NAIROBI
Medecins Sans Frontieres has announced that it has succeeded in launching operations in the northern parts of the Central African Republic controlled by rebels loyal to the former army chief of staff, Francois Bozize.
"After several assessment missions in January, MSF is the only international organisation to work with the isolated population in this part of the country," the MSF office in the Kenyan capital, Nairobi, reported on Tuesday.
Since Bozize's troops tried to seize power on 25 October 2002, the north of the country has been totally cut off from humanitarian-relief organisations.
However, MSF has embarked on a project in an area within the triangle defined by the towns of Kabo, Bossangoa and Dekoa, which have a combined population of about 300,000.
"The objective of the intervention is to provide health care to the population in the region affected by the conflict and respond to potential epidemic outbreaks," MSF stated.

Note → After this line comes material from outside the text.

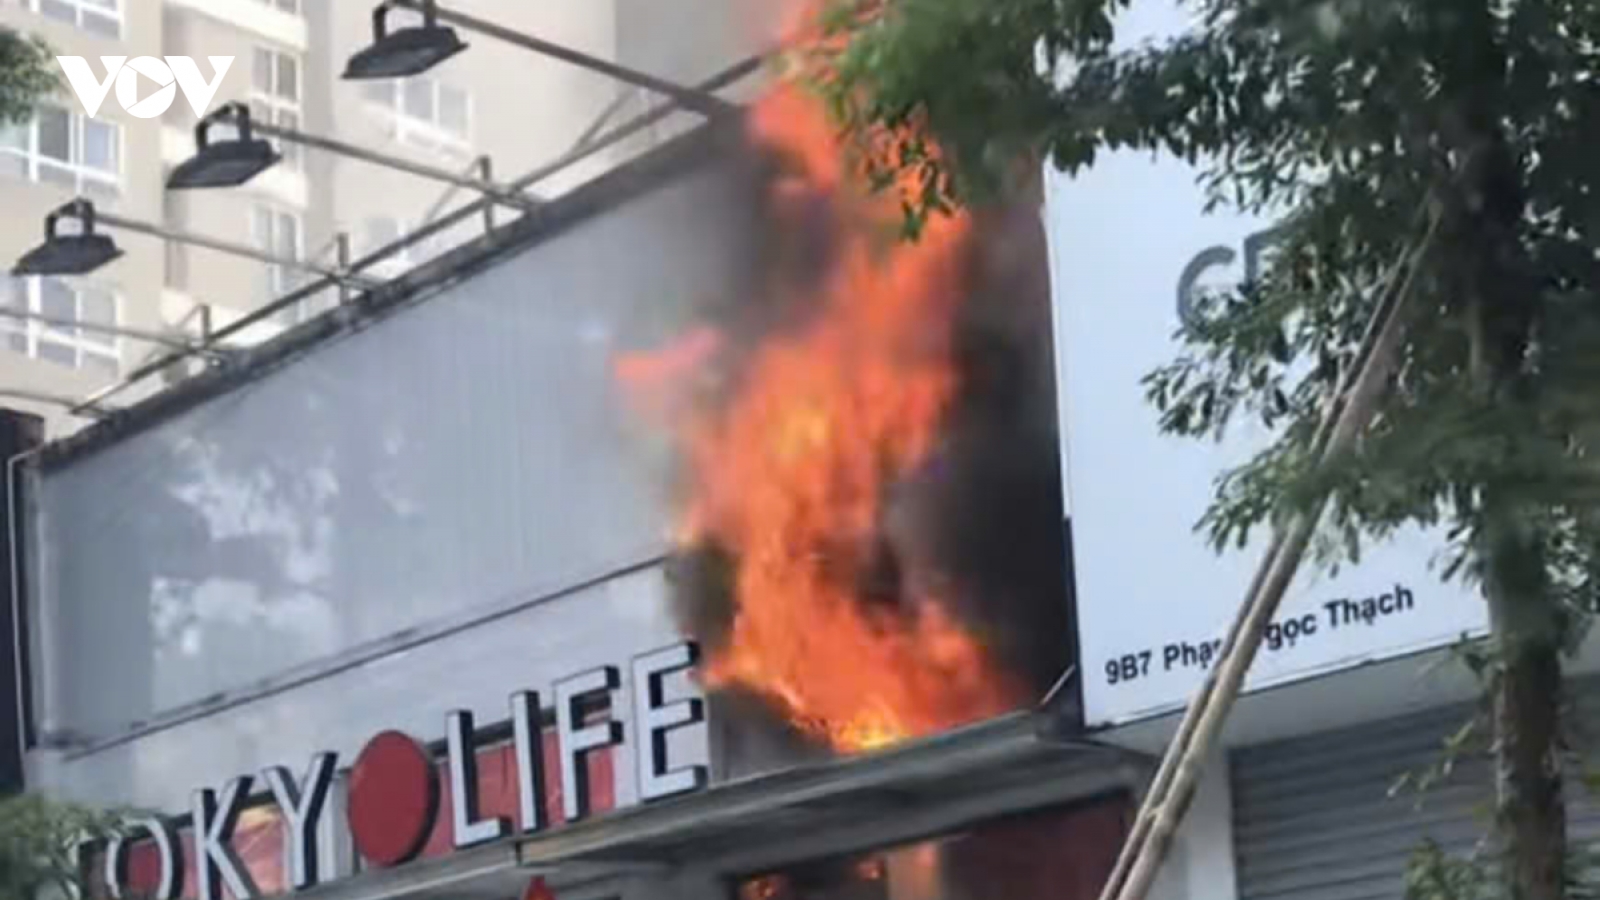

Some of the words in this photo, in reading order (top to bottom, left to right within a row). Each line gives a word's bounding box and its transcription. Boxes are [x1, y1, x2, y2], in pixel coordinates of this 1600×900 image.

[1104, 649, 1153, 685] 9B7
[1260, 613, 1317, 650] gọc
[1324, 583, 1414, 626] Thạch
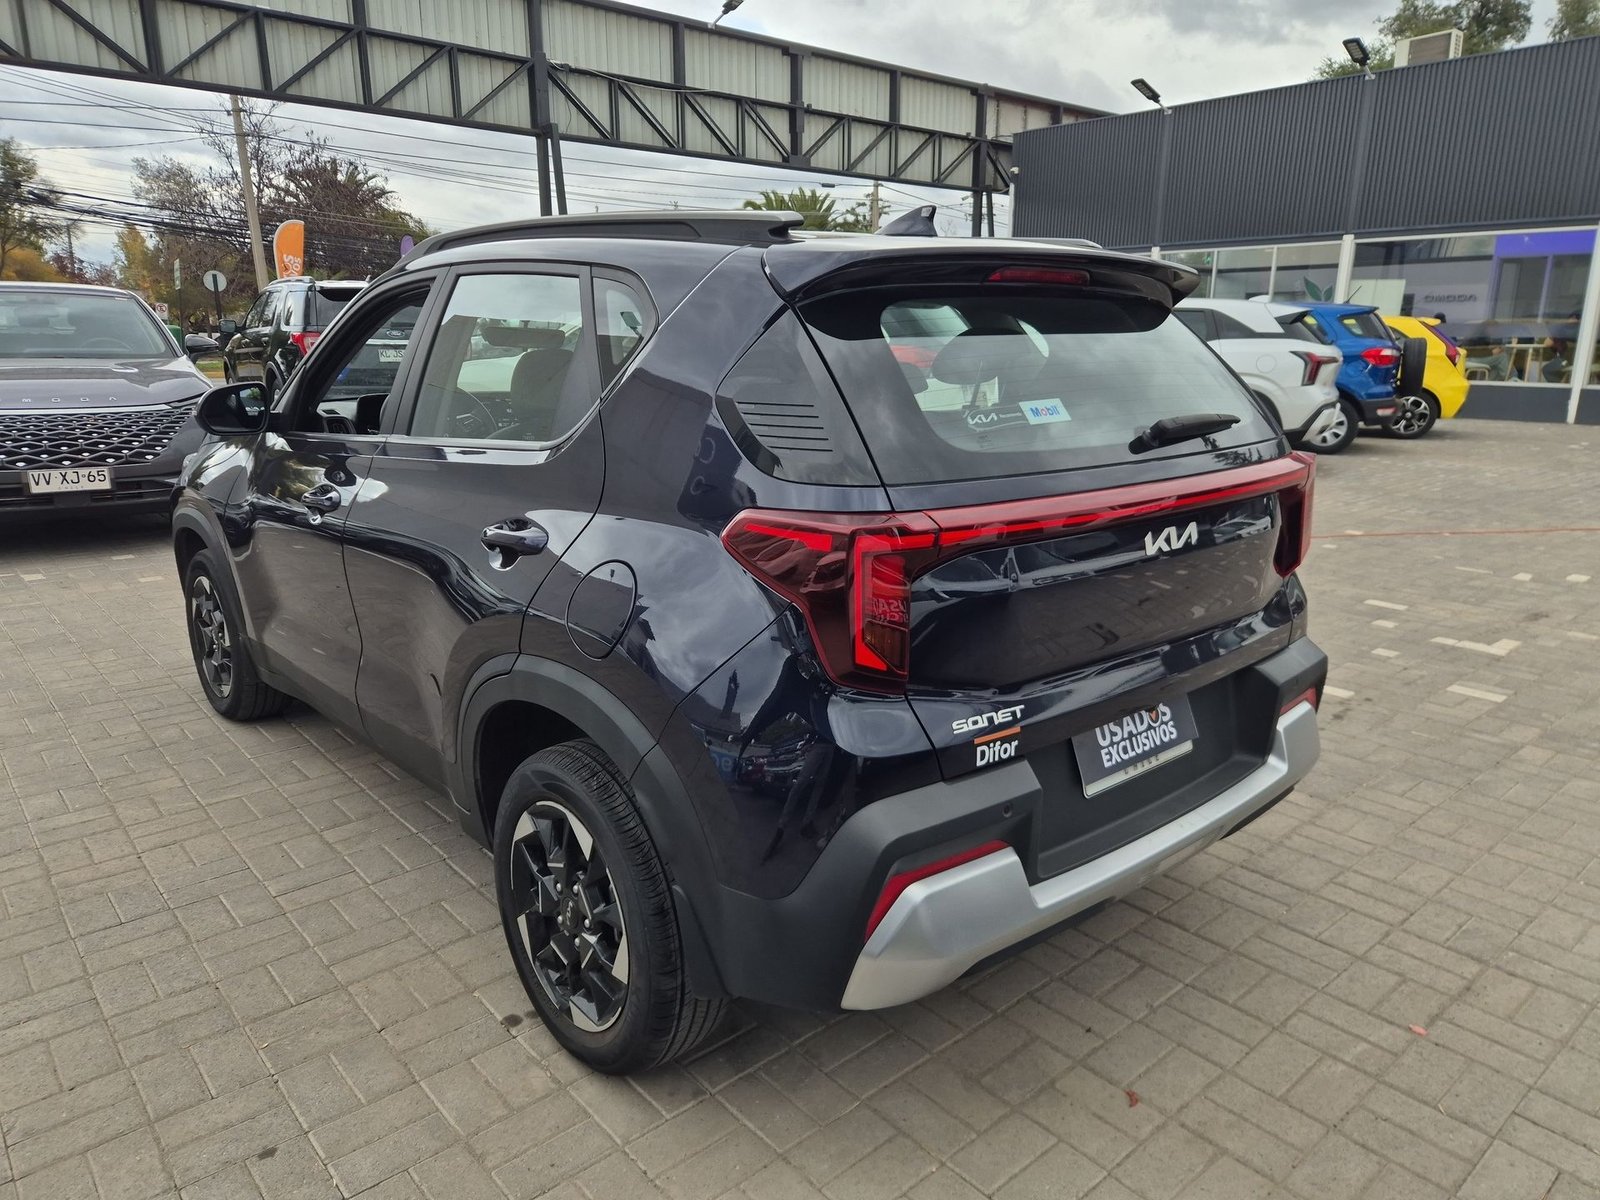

It said MSF mobile teams were offering consultations, while organising an epidemiological surveillance system. The NGO was also assessing the possibility of starting an emergency surgical intervention, it said.
Many people have had no access to health services since the war broke out. The north and the east of the country have remained isolated. The country's health-care system and administrative management have continued to deteriorate, and health facilities have been systematically looted.
MSF reported that that in towns in the southeast of the country, such as Bossembele and Damara, residents who had fled into the bush were beginning to visit MSF clinics.
"They are frightened and weak, and we fear a rapid deterioration of their health condition," Raquel Ayora, an MSF volunteer in charge of the operations in the CAR, said.